Mark was a very intelligent guy, also very talented– he was an accomplished guitarist– both finger style and flat picking — wrote many tunes, music and lyrics, and played the piano with some degree of self-taught virtuosity.   He was an excellent photographer, with a great and unusual eye, and, out of the blue, did some whimsical small paintings at one point in his adult life.  He was also, surprisingly, an excellent cook.  

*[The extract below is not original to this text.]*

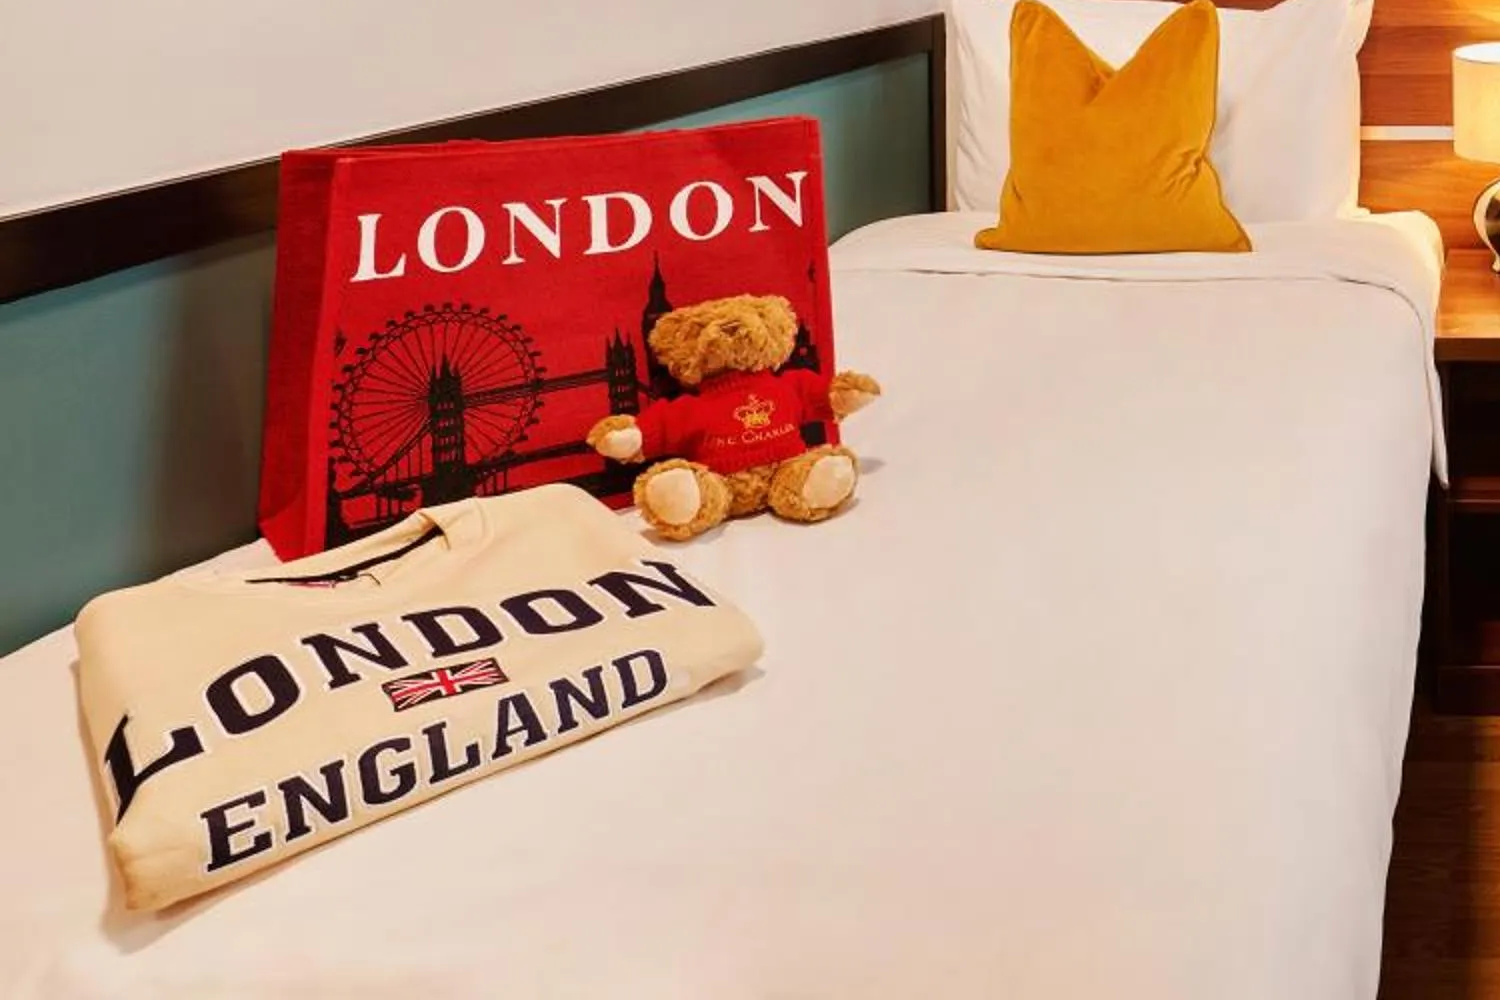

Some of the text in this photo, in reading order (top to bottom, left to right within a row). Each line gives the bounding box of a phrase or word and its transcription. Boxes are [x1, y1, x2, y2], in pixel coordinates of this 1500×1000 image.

[350, 171, 808, 283] LONDON
[104, 559, 717, 826] LONDON
[200, 649, 668, 872] ENGLAND

At one time he had a good sense of humor, some of the best laughs of our high school years I shared with him.  There was one scene, in the home of our tormented friend Jeff (who eventually gassed himself to death in his parents’ carefully prepared garage), where we laughed longer, louder and more uncontrollably than any other time in my life that I can recall.   And you don’t forget a thing like that.   We were literally rolling on the floor laughing our asses off, ROTFLMAO!   Now I’m the only one alive who can remember that hilarious scene in Jeff’s parents’ kitchen.

Good to remember these things as I prepare to call his oldest brother, a guy with an excellent, dark, sense of humor himself.   Reading over our emails back and forth just now, the ones we exchanged prior to the memorial for their mother, I had a few laughs at his unsentimental and spot-on observations about his brother.    It was hard to have infinite patience for Mark, though that was what was required.  The only person who seemed able to do it was their mother, Sophie, a remarkable soul any way you look at her.    Oy vey.  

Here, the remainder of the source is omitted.